BEGIN INPUT FOR THIS TASK

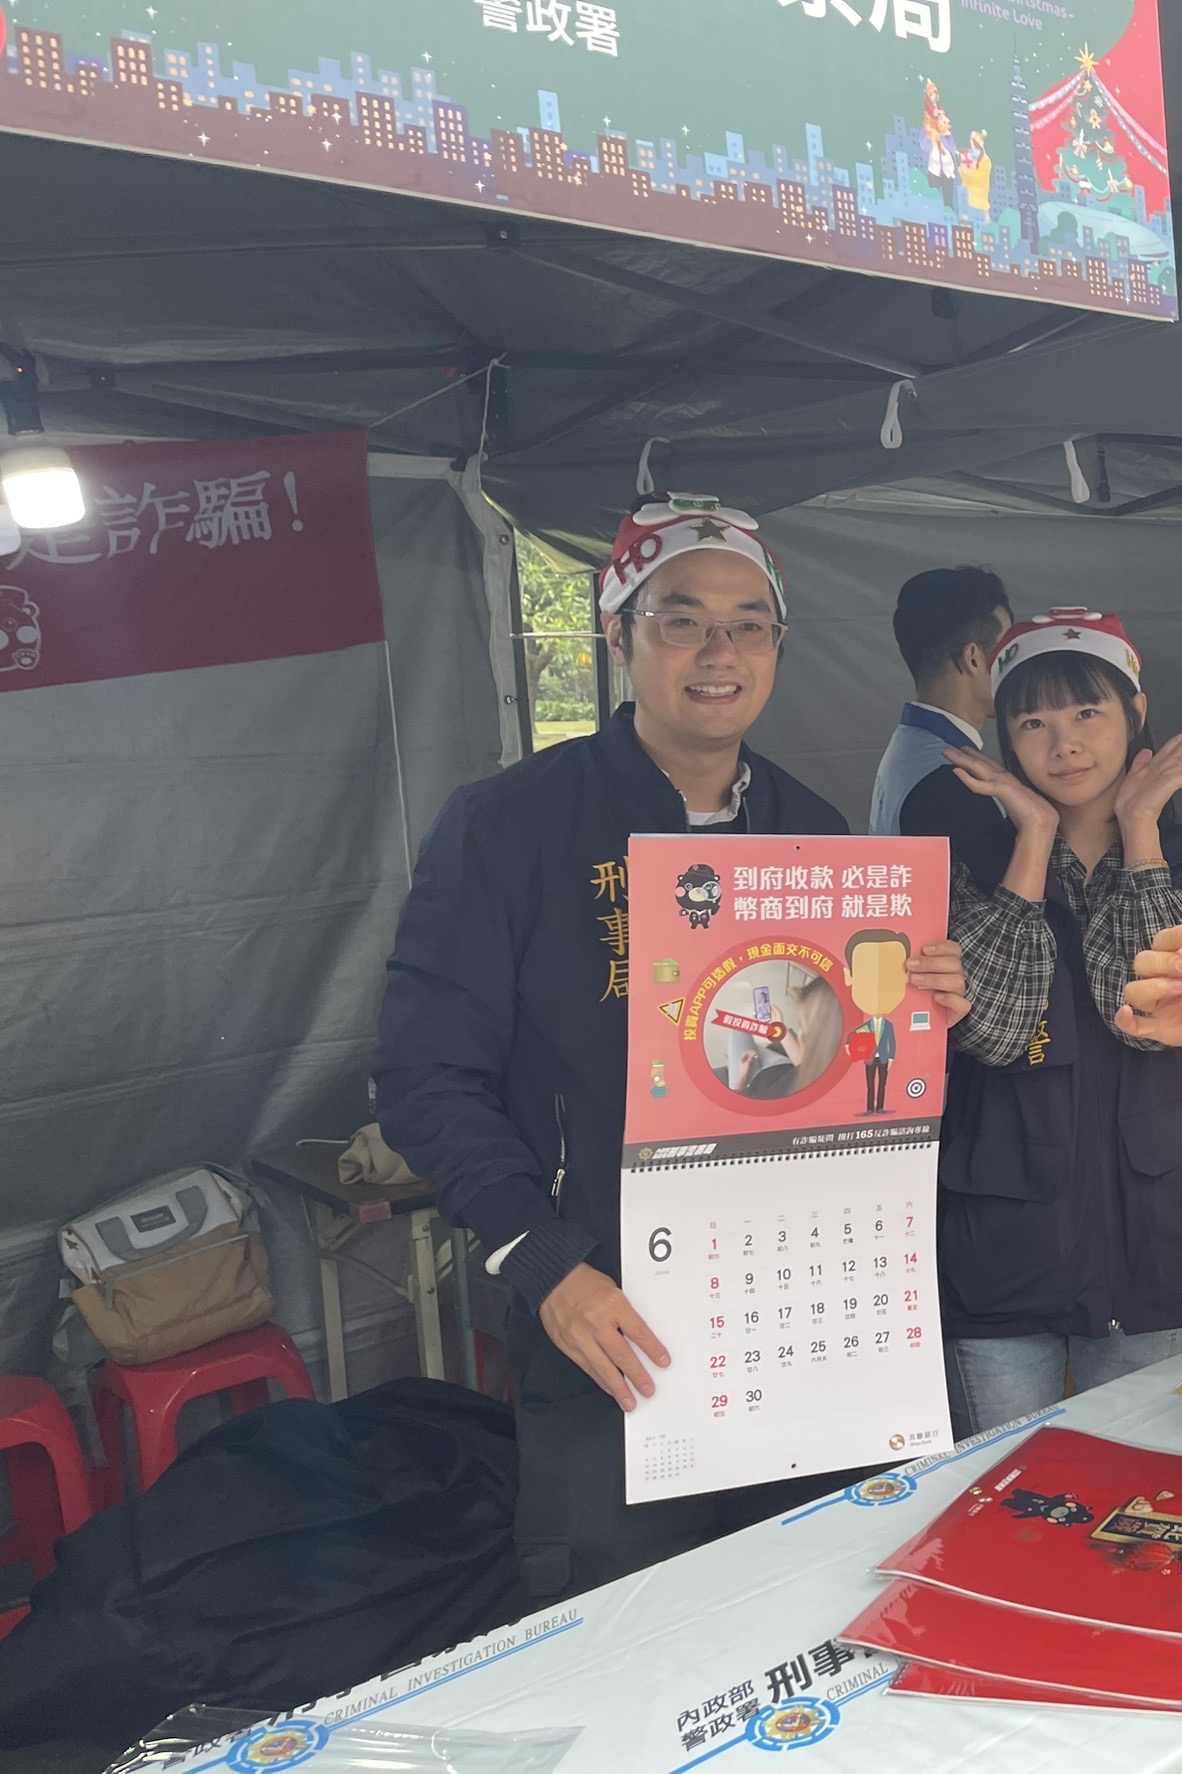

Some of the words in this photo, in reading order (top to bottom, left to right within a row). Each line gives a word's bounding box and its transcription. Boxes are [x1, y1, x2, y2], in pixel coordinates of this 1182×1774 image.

[780, 0, 951, 53] 局
[1013, 9, 1043, 30] Love
[733, 866, 834, 891] 到府收款
[841, 864, 912, 890] 必是詐
[733, 896, 834, 921] 幣商到府
[841, 893, 912, 919] 就是欺
[649, 1227, 672, 1262] 6
[712, 1238, 716, 1250] 1
[745, 1235, 753, 1246] 2
[778, 1231, 786, 1242] 3
[811, 1227, 819, 1238] 4
[844, 1223, 852, 1234] 5
[875, 1220, 883, 1231] 6
[906, 1216, 914, 1227] 7
[710, 1277, 719, 1289] 8
[745, 1273, 753, 1285] 9
[777, 1268, 791, 1281] 10
[809, 1264, 822, 1276] 11
[842, 1260, 856, 1272] 12
[874, 1256, 887, 1268] 13
[904, 1252, 918, 1264] 14
[710, 1316, 725, 1329] 15
[744, 1311, 759, 1324] 16
[778, 1306, 792, 1319] 17
[811, 1302, 825, 1315] 18
[844, 1298, 857, 1310] 19
[873, 1294, 888, 1306] 20
[904, 1289, 918, 1302] 21
[710, 1355, 726, 1369] 22
[744, 1350, 761, 1363] 23
[778, 1345, 794, 1358] 24
[811, 1340, 826, 1353] 25
[844, 1335, 859, 1348] 26
[875, 1331, 890, 1344] 27
[906, 1326, 922, 1339] 28
[711, 1395, 728, 1408] 29
[746, 1389, 762, 1402] 30
[954, 1418, 1022, 1454] INVESTIGATION
[324, 1688, 398, 1726] CRIMINAL
[408, 1635, 517, 1691] INVESTIGATION
[524, 1609, 579, 1640] BUREAU
[826, 1663, 889, 1701] CRIMINAL
[677, 1680, 755, 1732] 內政部
[681, 1697, 762, 1752] 警政署

END INPUT FOR THIS TASK

**EXERCISE INSTRUCTIONS:** The data above, line by line: transcribe it exactly and drop the pictures.

**RESULT:**
Some of the words in this photo, in reading order (top to bottom, left to right within a row). Each line gives a word's bounding box and its transcription. Boxes are [x1, y1, x2, y2], in pixel coordinates of this 1182×1774 image.

[780, 0, 951, 53] 局
[1013, 9, 1043, 30] Love
[733, 866, 834, 891] 到府收款
[841, 864, 912, 890] 必是詐
[733, 896, 834, 921] 幣商到府
[841, 893, 912, 919] 就是欺
[649, 1227, 672, 1262] 6
[712, 1238, 716, 1250] 1
[745, 1235, 753, 1246] 2
[778, 1231, 786, 1242] 3
[811, 1227, 819, 1238] 4
[844, 1223, 852, 1234] 5
[875, 1220, 883, 1231] 6
[906, 1216, 914, 1227] 7
[710, 1277, 719, 1289] 8
[745, 1273, 753, 1285] 9
[777, 1268, 791, 1281] 10
[809, 1264, 822, 1276] 11
[842, 1260, 856, 1272] 12
[874, 1256, 887, 1268] 13
[904, 1252, 918, 1264] 14
[710, 1316, 725, 1329] 15
[744, 1311, 759, 1324] 16
[778, 1306, 792, 1319] 17
[811, 1302, 825, 1315] 18
[844, 1298, 857, 1310] 19
[873, 1294, 888, 1306] 20
[904, 1289, 918, 1302] 21
[710, 1355, 726, 1369] 22
[744, 1350, 761, 1363] 23
[778, 1345, 794, 1358] 24
[811, 1340, 826, 1353] 25
[844, 1335, 859, 1348] 26
[875, 1331, 890, 1344] 27
[906, 1326, 922, 1339] 28
[711, 1395, 728, 1408] 29
[746, 1389, 762, 1402] 30
[954, 1418, 1022, 1454] INVESTIGATION
[324, 1688, 398, 1726] CRIMINAL
[408, 1635, 517, 1691] INVESTIGATION
[524, 1609, 579, 1640] BUREAU
[826, 1663, 889, 1701] CRIMINAL
[677, 1680, 755, 1732] 內政部
[681, 1697, 762, 1752] 警政署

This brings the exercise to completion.